==== Material for this task ====

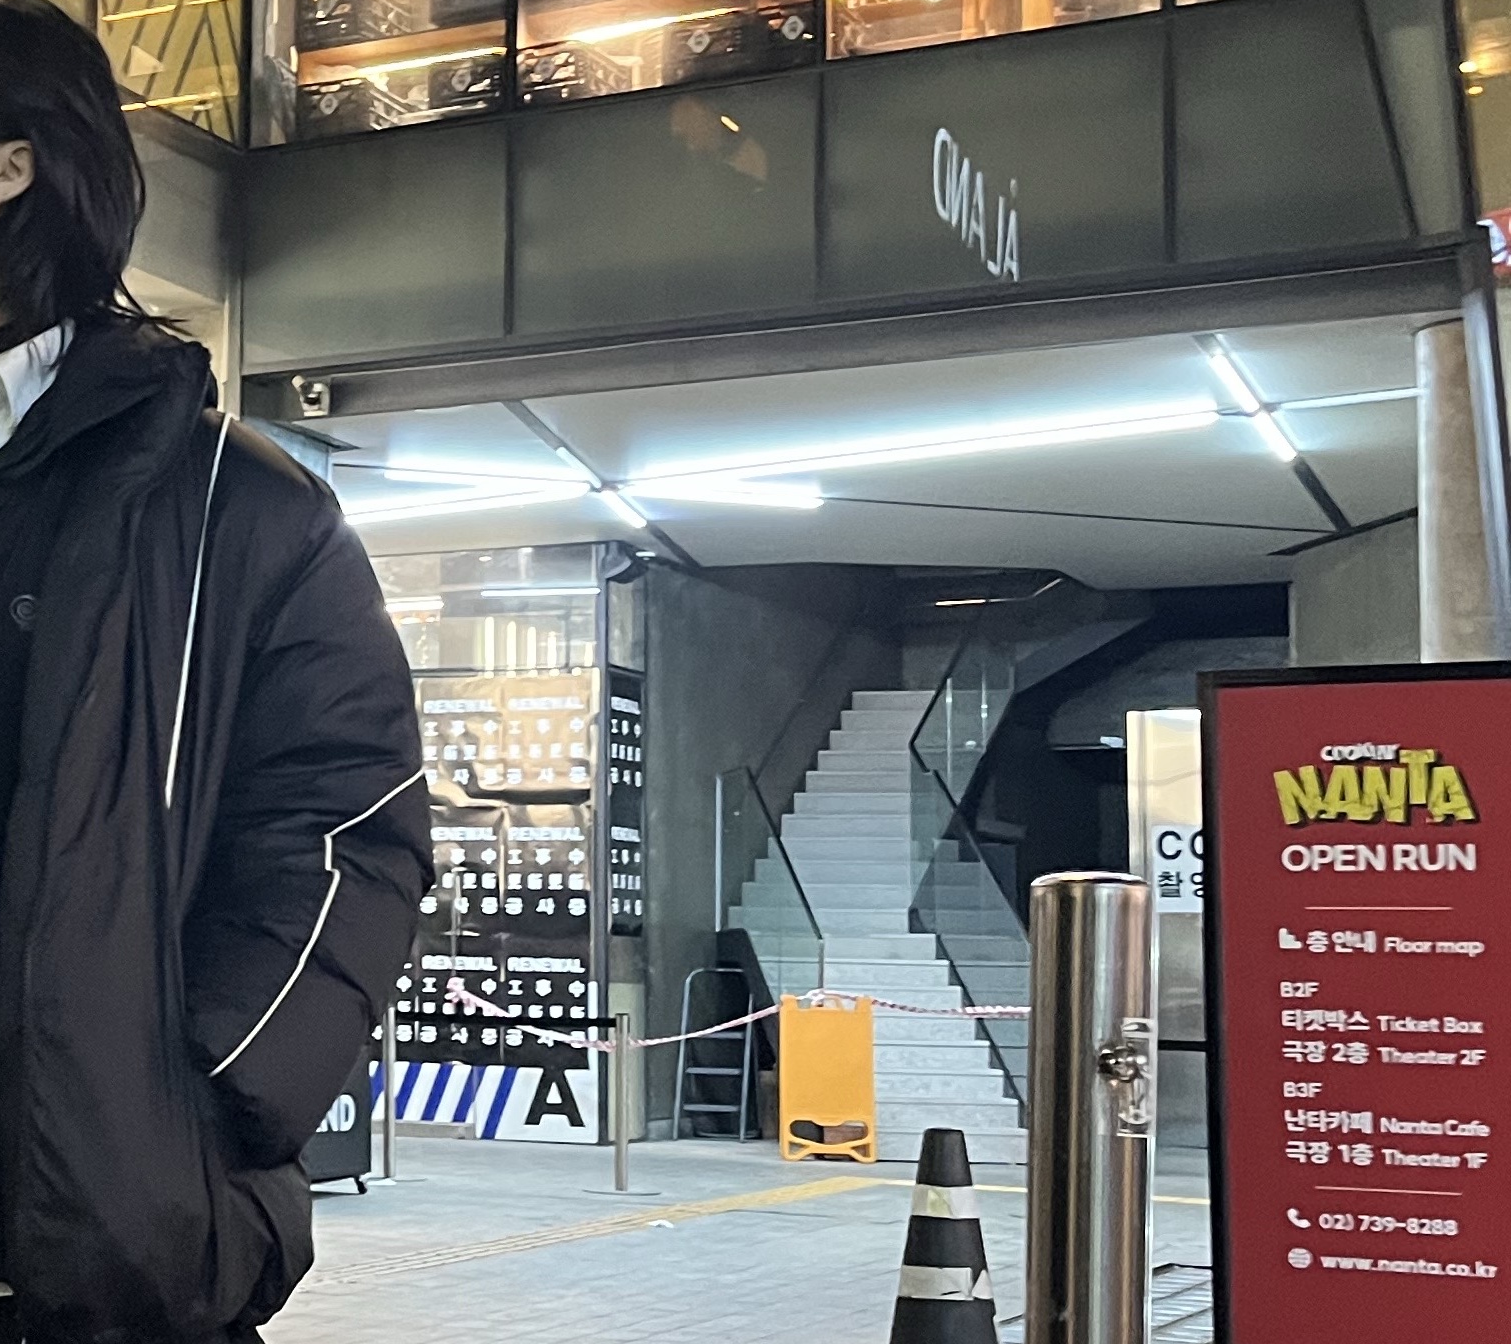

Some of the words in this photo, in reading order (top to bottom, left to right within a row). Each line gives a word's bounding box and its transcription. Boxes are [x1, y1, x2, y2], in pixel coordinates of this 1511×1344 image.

[1273, 748, 1478, 826] NANTA
[1281, 844, 1386, 872] OPEN
[1393, 843, 1477, 872] RUN
[1306, 930, 1330, 953] 층
[1331, 930, 1377, 954] 안내
[1384, 936, 1433, 954] Floor
[1435, 940, 1485, 957] map
[1280, 981, 1320, 998] B2F
[1281, 1009, 1371, 1032] 티켓박스
[1376, 1015, 1440, 1032] Ticket
[1443, 1016, 1484, 1034] Box
[1282, 1040, 1327, 1064] 극장
[1331, 1041, 1371, 1065] 2층
[1376, 1046, 1458, 1065] Theater
[1459, 1049, 1487, 1066] 2F
[1283, 1081, 1323, 1098] B3F
[1284, 1109, 1374, 1134] 난타카페
[1380, 1117, 1443, 1136] Nanta
[1444, 1119, 1491, 1137] Cafe
[1285, 1140, 1333, 1164] 극장
[1337, 1143, 1375, 1167] 1층
[1381, 1148, 1461, 1168] Theater
[1462, 1152, 1488, 1169] 1F
[1319, 1213, 1354, 1231] 02)
[1319, 1255, 1498, 1278] www.nanta.co.kr
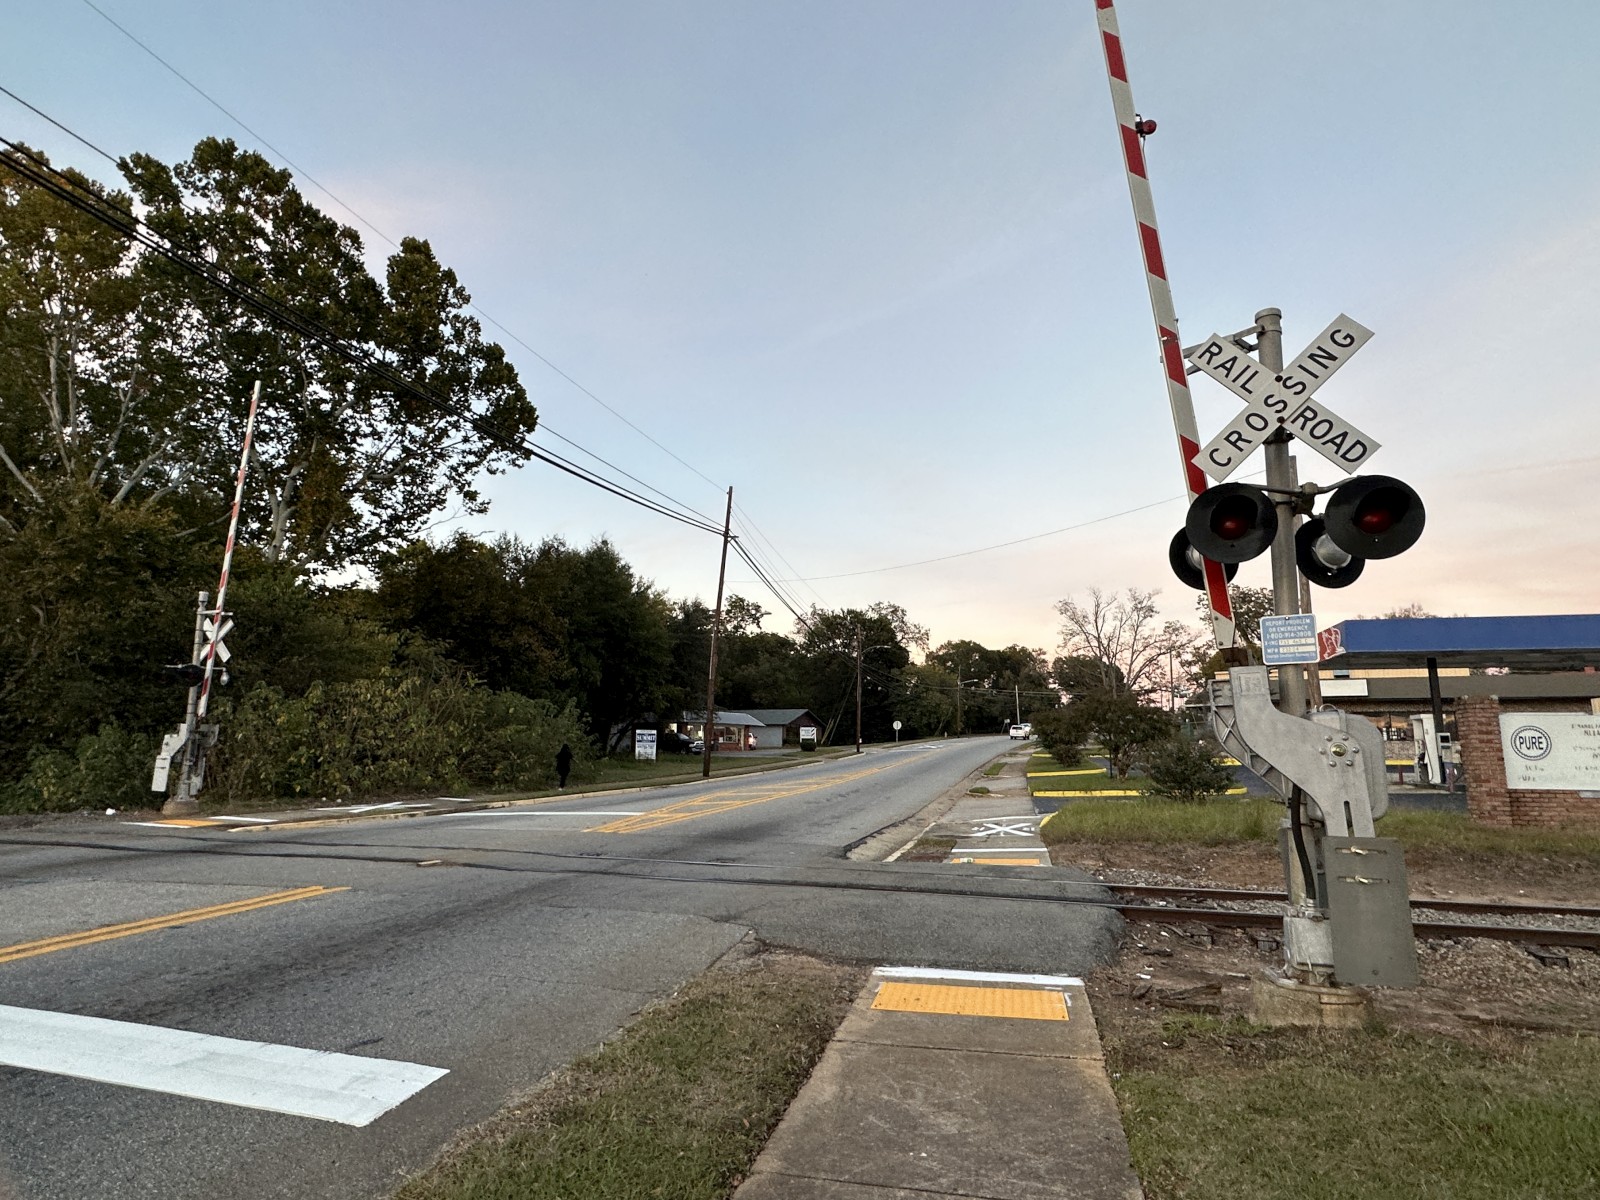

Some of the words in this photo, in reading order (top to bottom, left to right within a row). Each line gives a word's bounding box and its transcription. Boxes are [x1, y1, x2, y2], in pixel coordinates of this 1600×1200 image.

[1197, 341, 1260, 395] RAIL
[1208, 329, 1356, 468] CROSSING
[1290, 405, 1368, 463] ROAD
[1518, 735, 1544, 750] PURE

====

» Exercise aim: Write out the data above in full and exactly, but not the pictures.

» Exercise result:
Some of the words in this photo, in reading order (top to bottom, left to right within a row). Each line gives a word's bounding box and its transcription. Boxes are [x1, y1, x2, y2], in pixel coordinates of this 1511×1344 image.

[1273, 748, 1478, 826] NANTA
[1281, 844, 1386, 872] OPEN
[1393, 843, 1477, 872] RUN
[1306, 930, 1330, 953] 층
[1331, 930, 1377, 954] 안내
[1384, 936, 1433, 954] Floor
[1435, 940, 1485, 957] map
[1280, 981, 1320, 998] B2F
[1281, 1009, 1371, 1032] 티켓박스
[1376, 1015, 1440, 1032] Ticket
[1443, 1016, 1484, 1034] Box
[1282, 1040, 1327, 1064] 극장
[1331, 1041, 1371, 1065] 2층
[1376, 1046, 1458, 1065] Theater
[1459, 1049, 1487, 1066] 2F
[1283, 1081, 1323, 1098] B3F
[1284, 1109, 1374, 1134] 난타카페
[1380, 1117, 1443, 1136] Nanta
[1444, 1119, 1491, 1137] Cafe
[1285, 1140, 1333, 1164] 극장
[1337, 1143, 1375, 1167] 1층
[1381, 1148, 1461, 1168] Theater
[1462, 1152, 1488, 1169] 1F
[1319, 1213, 1354, 1231] 02)
[1319, 1255, 1498, 1278] www.nanta.co.kr

Some of the words in this photo, in reading order (top to bottom, left to right within a row). Each line gives a word's bounding box and its transcription. Boxes are [x1, y1, x2, y2], in pixel coordinates of this 1600×1200 image.

[1197, 341, 1260, 395] RAIL
[1208, 329, 1356, 468] CROSSING
[1290, 405, 1368, 463] ROAD
[1518, 735, 1544, 750] PURE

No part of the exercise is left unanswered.